Directions: Word for word, copy all the data and drop the pictures.

Referring expression grounding data
◇ ◇ ◇ ◇ ◇
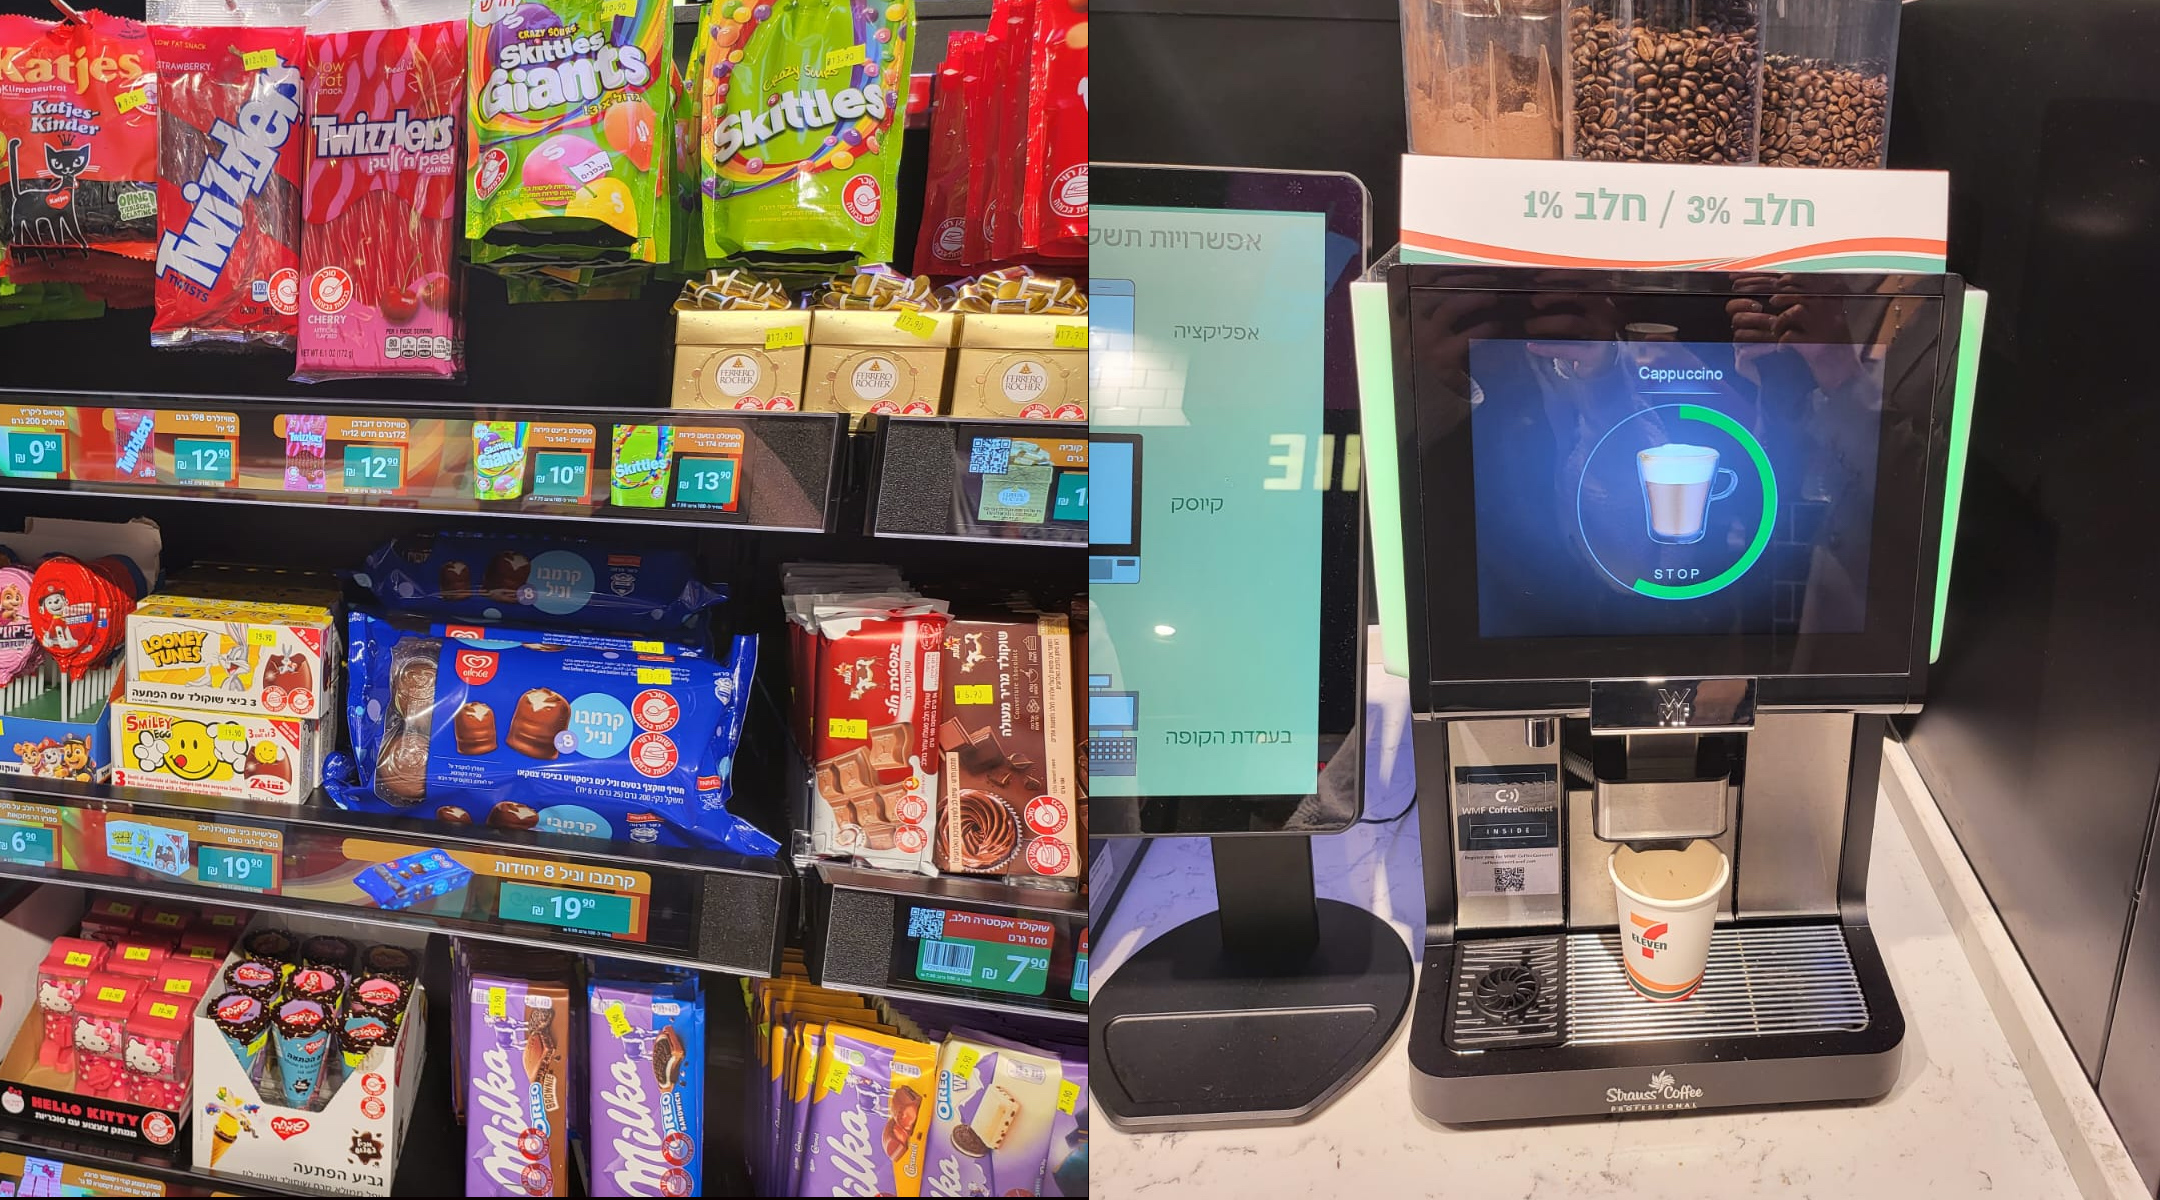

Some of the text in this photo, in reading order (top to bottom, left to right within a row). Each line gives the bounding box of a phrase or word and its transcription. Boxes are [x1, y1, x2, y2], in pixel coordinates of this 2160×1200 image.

[518, 25, 577, 39] CRAZY SOURS
[500, 31, 605, 69] Skittles
[0, 46, 142, 94] Katjes
[319, 61, 344, 72] low
[319, 74, 343, 87] fat
[480, 45, 651, 120] Giants
[763, 65, 800, 92] Crazy
[31, 100, 100, 119] Katjes-
[31, 117, 100, 135] Kinder
[714, 84, 886, 163] Skittles
[311, 110, 454, 157] Twizzlers
[156, 54, 302, 290] Twizzlers
[581, 163, 610, 179] מבפנים
[858, 177, 875, 188] סוכר
[1524, 187, 1815, 228] חלב 3% / חלב 1%
[1150, 230, 1263, 253] אפשרויות
[318, 270, 336, 278] סוכר
[168, 274, 209, 303] TWISTS
[308, 315, 347, 324] CHERRY
[1173, 323, 1260, 344] אפליקציה
[719, 369, 754, 378] FERRERO
[719, 376, 754, 385] ROCHER
[855, 372, 890, 382] FERRERO
[1006, 376, 1041, 384] FERRERO
[1638, 365, 1724, 385] Cappuccino
[855, 380, 890, 388] ROCHER
[1006, 382, 1041, 392] ROCHER
[26, 417, 40, 425] 200
[176, 413, 204, 422] 198 גרם
[361, 430, 377, 438] חדש
[1058, 444, 1083, 453] קוביה
[615, 459, 667, 478] Skittles
[1170, 494, 1224, 516] קיוסק
[537, 567, 582, 584] קרמבו
[1653, 568, 1701, 580] STOP
[523, 588, 534, 599] 8
[545, 584, 572, 600] וניל
[141, 630, 208, 653] LOONEY
[255, 632, 273, 642] 19.90
[148, 646, 203, 668] TUNES
[885, 643, 901, 716] אקסטרה חלב
[904, 661, 912, 700] שוקולד חלב
[997, 630, 1012, 737] שוקולד מריר מעולה
[1010, 649, 1020, 720] Couverture chocolate
[132, 688, 257, 708] 3 ביצי שוקולד עם הפתעה
[647, 691, 666, 700] סוכר
[575, 709, 624, 731] קרמבו
[153, 730, 171, 739] EGG
[224, 728, 242, 738] 19.90
[563, 734, 574, 748] 8
[585, 727, 613, 746] וניל
[638, 734, 672, 747] שומן רווי
[1165, 728, 1292, 748] בעמדת הקופה
[114, 770, 126, 787] 3
[541, 772, 563, 782] בציפוי
[594, 778, 606, 787] עם
[606, 779, 619, 789] וניל
[620, 781, 642, 791] בטעם
[642, 783, 665, 794] מוקצף
[667, 786, 685, 795] חטיף
[599, 789, 684, 805] משקל 200 גרם גרם
[1026, 807, 1035, 824] סוכר
[1462, 804, 1554, 815] WMF CoffeeConnect
[237, 828, 250, 836] ביצי
[546, 816, 597, 833] קרמבו
[1486, 827, 1531, 835] INSIDE
[495, 860, 636, 890] קרמבו וניל 8 יחידות
[973, 917, 1050, 933] שוקולד אקסטרה
[1008, 933, 1048, 945] 100 גרם
[545, 1073, 559, 1111] BROWNIE
[937, 1069, 954, 1121] OREO
[1606, 1085, 1704, 1103] Strauss Coffee
[31, 1096, 140, 1127] HELLO KITTY
[673, 1091, 687, 1131] SANDWICH
[1611, 1102, 1698, 1112] PROFESSIONAL
[35, 1111, 137, 1138] ממתק צעצוע עם סוכריות
[482, 1043, 528, 1195] Milka
[601, 1054, 662, 1197] Milka
[904, 1142, 919, 1178] Caramel
[293, 1162, 384, 1187] גביע הפתעה
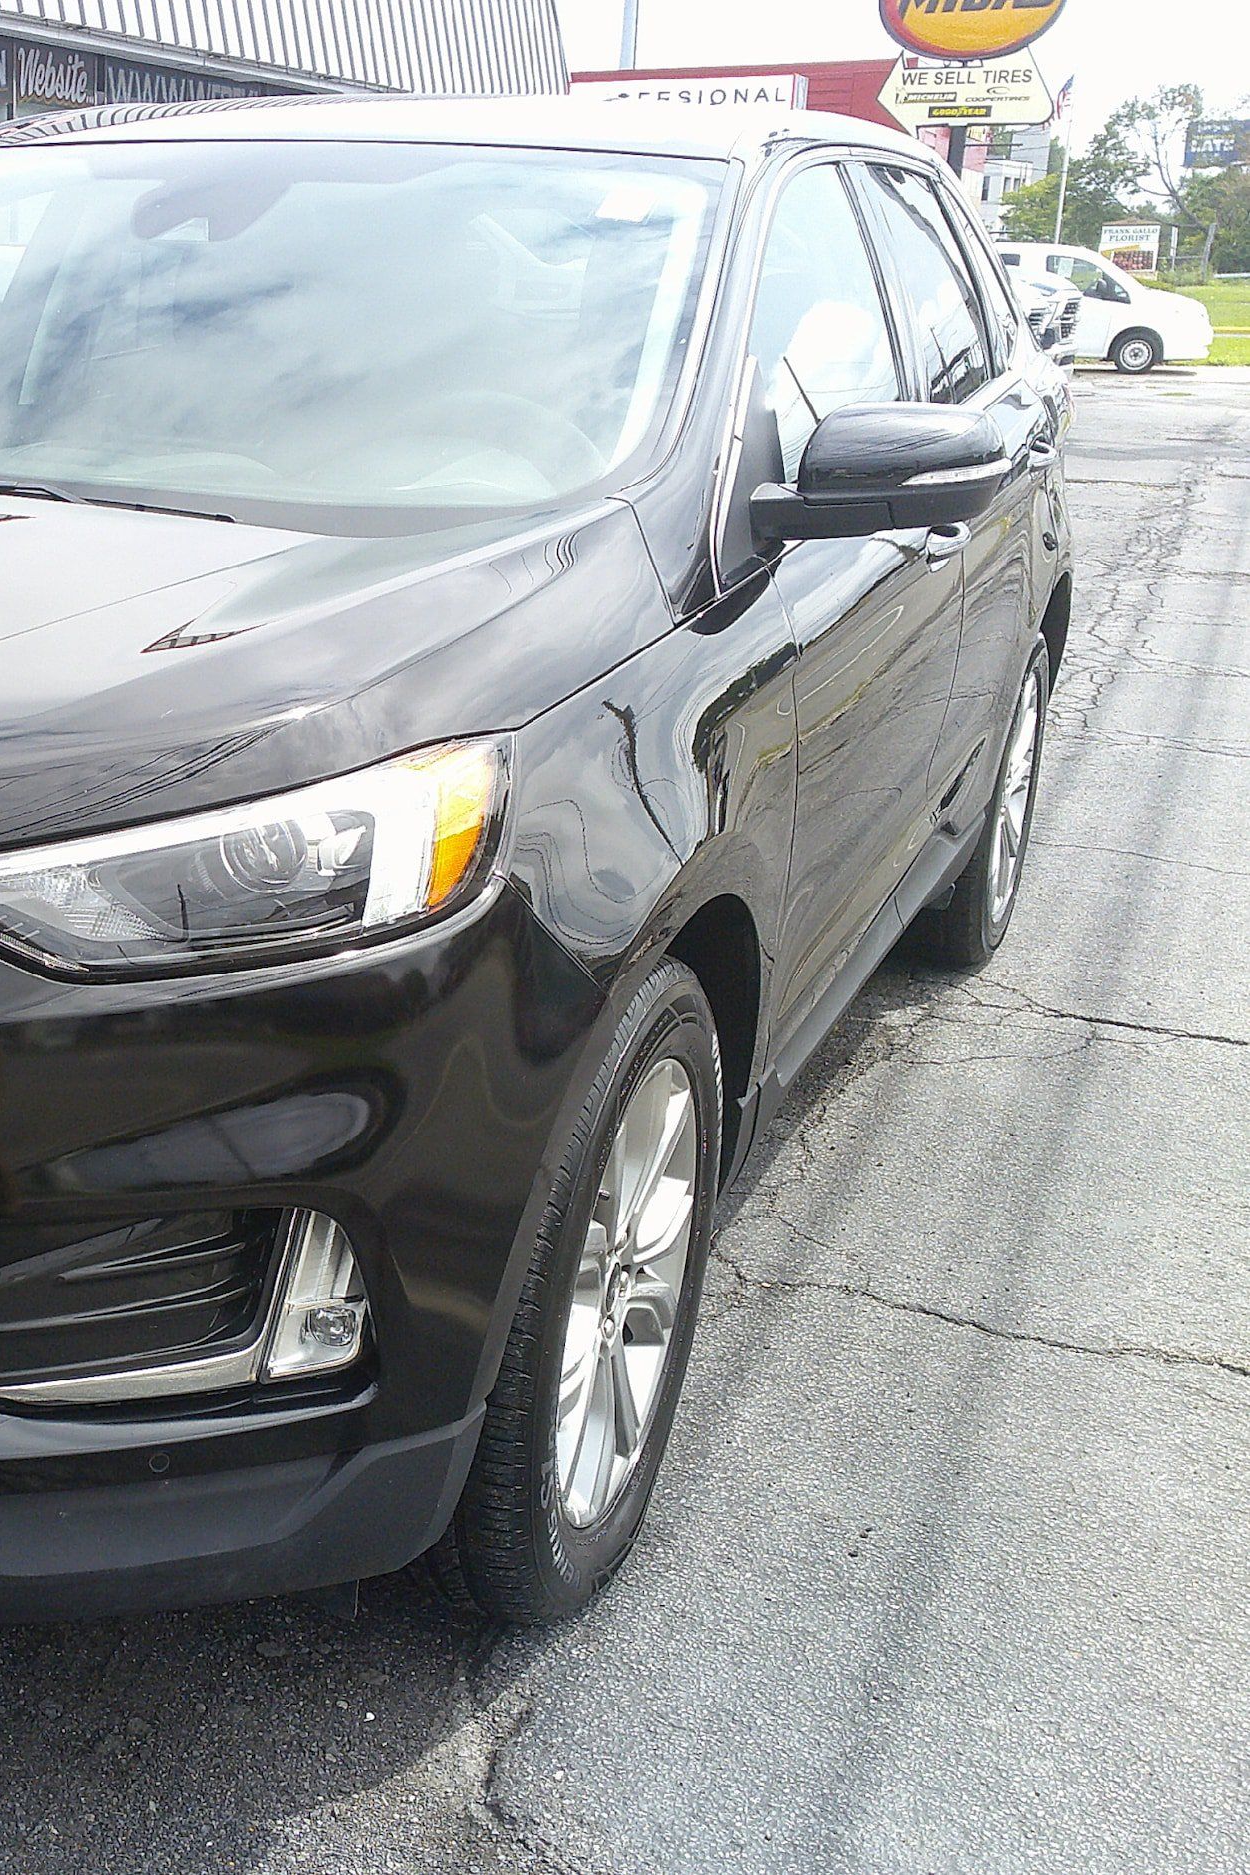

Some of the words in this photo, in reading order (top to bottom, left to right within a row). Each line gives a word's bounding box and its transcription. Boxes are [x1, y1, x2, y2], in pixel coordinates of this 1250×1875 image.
◇ ◇ ◇ ◇ ◇
Response box:
Some of the text in this photo, in reading order (top to bottom, left to right within a row). Each line gives the bounding box of a phrase or word and its transcription. Boxes are [x1, y1, x2, y2], in pixel coordinates of this 2160×1200 image.

[518, 25, 577, 39] CRAZY SOURS
[500, 31, 605, 69] Skittles
[0, 46, 142, 94] Katjes
[319, 61, 344, 72] low
[319, 74, 343, 87] fat
[480, 45, 651, 120] Giants
[763, 65, 800, 92] Crazy
[31, 100, 100, 119] Katjes-
[31, 117, 100, 135] Kinder
[714, 84, 886, 163] Skittles
[311, 110, 454, 157] Twizzlers
[156, 54, 302, 290] Twizzlers
[581, 163, 610, 179] מבפנים
[858, 177, 875, 188] סוכר
[1524, 187, 1815, 228] חלב 3% / חלב 1%
[1150, 230, 1263, 253] אפשרויות
[318, 270, 336, 278] סוכר
[168, 274, 209, 303] TWISTS
[308, 315, 347, 324] CHERRY
[1173, 323, 1260, 344] אפליקציה
[719, 369, 754, 378] FERRERO
[719, 376, 754, 385] ROCHER
[855, 372, 890, 382] FERRERO
[1006, 376, 1041, 384] FERRERO
[1638, 365, 1724, 385] Cappuccino
[855, 380, 890, 388] ROCHER
[1006, 382, 1041, 392] ROCHER
[26, 417, 40, 425] 200
[176, 413, 204, 422] 198 גרם
[361, 430, 377, 438] חדש
[1058, 444, 1083, 453] קוביה
[615, 459, 667, 478] Skittles
[1170, 494, 1224, 516] קיוסק
[537, 567, 582, 584] קרמבו
[1653, 568, 1701, 580] STOP
[523, 588, 534, 599] 8
[545, 584, 572, 600] וניל
[141, 630, 208, 653] LOONEY
[255, 632, 273, 642] 19.90
[148, 646, 203, 668] TUNES
[885, 643, 901, 716] אקסטרה חלב
[904, 661, 912, 700] שוקולד חלב
[997, 630, 1012, 737] שוקולד מריר מעולה
[1010, 649, 1020, 720] Couverture chocolate
[132, 688, 257, 708] 3 ביצי שוקולד עם הפתעה
[647, 691, 666, 700] סוכר
[575, 709, 624, 731] קרמבו
[153, 730, 171, 739] EGG
[224, 728, 242, 738] 19.90
[563, 734, 574, 748] 8
[585, 727, 613, 746] וניל
[638, 734, 672, 747] שומן רווי
[1165, 728, 1292, 748] בעמדת הקופה
[114, 770, 126, 787] 3
[541, 772, 563, 782] בציפוי
[594, 778, 606, 787] עם
[606, 779, 619, 789] וניל
[620, 781, 642, 791] בטעם
[642, 783, 665, 794] מוקצף
[667, 786, 685, 795] חטיף
[599, 789, 684, 805] משקל 200 גרם גרם
[1026, 807, 1035, 824] סוכר
[1462, 804, 1554, 815] WMF CoffeeConnect
[237, 828, 250, 836] ביצי
[546, 816, 597, 833] קרמבו
[1486, 827, 1531, 835] INSIDE
[495, 860, 636, 890] קרמבו וניל 8 יחידות
[973, 917, 1050, 933] שוקולד אקסטרה
[1008, 933, 1048, 945] 100 גרם
[545, 1073, 559, 1111] BROWNIE
[937, 1069, 954, 1121] OREO
[1606, 1085, 1704, 1103] Strauss Coffee
[31, 1096, 140, 1127] HELLO KITTY
[673, 1091, 687, 1131] SANDWICH
[1611, 1102, 1698, 1112] PROFESSIONAL
[35, 1111, 137, 1138] ממתק צעצוע עם סוכריות
[482, 1043, 528, 1195] Milka
[601, 1054, 662, 1197] Milka
[904, 1142, 919, 1178] Caramel
[293, 1162, 384, 1187] גביע הפתעה

Some of the words in this photo, in reading order (top to bottom, left to right within a row). Each line gives a word's bounding box and its transcription. Boxes are [x1, y1, x2, y2], in pixel coordinates of this 1250×1875 image.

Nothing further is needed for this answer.